Asgari ücretle yaşamanın imkanı yok. Bu artık herkes tarafından açık ve net bir şekilde biliniyor. Bilinmesine biliniyor da yine de asgari ücret hep açlık sınırının altında gösteriliyor. Biz işçi ve emekçilere yoksul olmak bile çok görülüyor. Yoksulluk sınırının sözü bile edilmiyor. Zaten ülkemizin diğer kısmının yüzde doksanı da yoksul.
Şunu anlayamıyorum, işçi emekçiler aç kalsın, açlık sınırının altında yaşasın diye bir düşünce olabilir mi? Maalesef ülkemizde oluyor. Asgari ücret hep açlık sınırının altında belirleniyor. Açlık sınırının altında ücret vermek demek, ya öleceksin, ya da ne yaparsan yapacaksın demek.
İki yıl önce asgari ücret 1400, 2018 yılı 1600 TL idi. Bu ücretlerin açlık sınırının altında olduğunu herkes biliyor. Yaşarsan yaşa, yaşamazsan vatan sağolsun. 2019 yılı asgari ücret belirlemelerinde yine açlık sınırının altında ve civarında rakamlar telaffuz ediliyor. Öyle görülüyor ki belirlenecek asgari ücret ne temel ihtiyaçlarımızı karşılayacak ne de insanca yaşayabileceğiz. Yine yokluk içinde ve borçlarla boğuşup duracağız.
Tabii asgari ücreti belirleyenlerin tuzu kuru.
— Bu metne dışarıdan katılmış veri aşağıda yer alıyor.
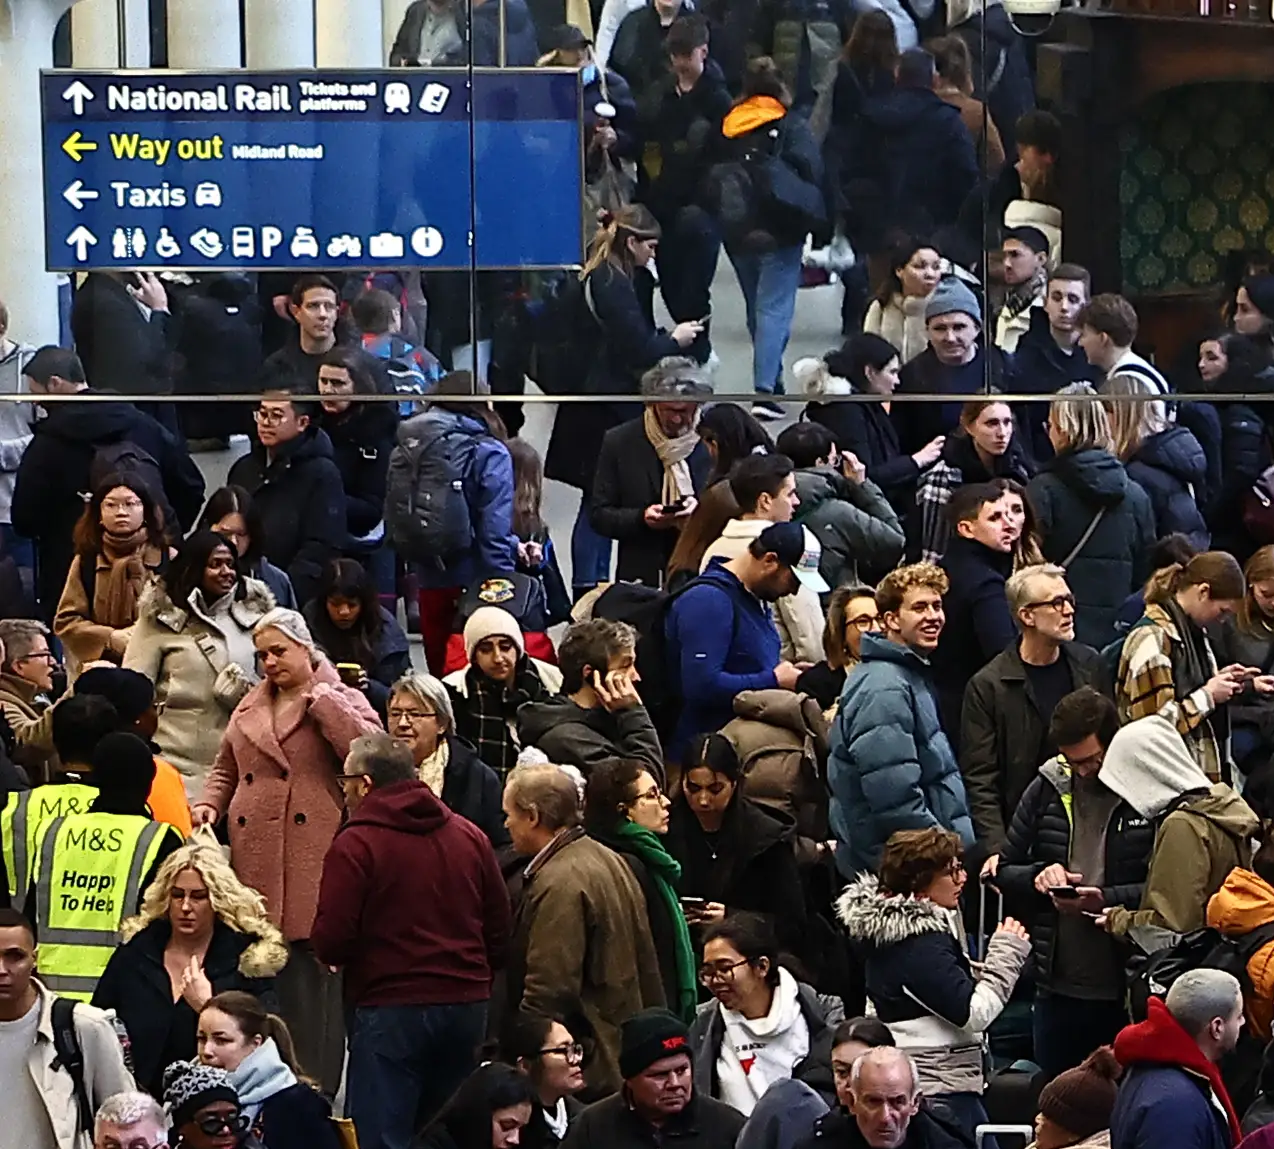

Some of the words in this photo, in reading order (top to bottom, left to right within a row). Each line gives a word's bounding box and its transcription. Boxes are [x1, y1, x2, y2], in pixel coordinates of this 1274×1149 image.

Her birinin aldığı ücreti asgari ücretliler rüyalarında bile göremezler. Onlar bilemezler bizim halimizi. Onlar sadece asgari ücretten alacakları ve verecekleri vergi sigorta vb. fonları hesaplayıp bunun üzerinden karar verirler. Kendileri çalıp kendileri söylüyorlar.
Ah, haklarımızı arayabilsek. Bunun için bir araya gelebilsek. Dikilsek karşılarına işçi tulumlarımızla. Bak o zaman simit çay hesabı yapabilecekler mi?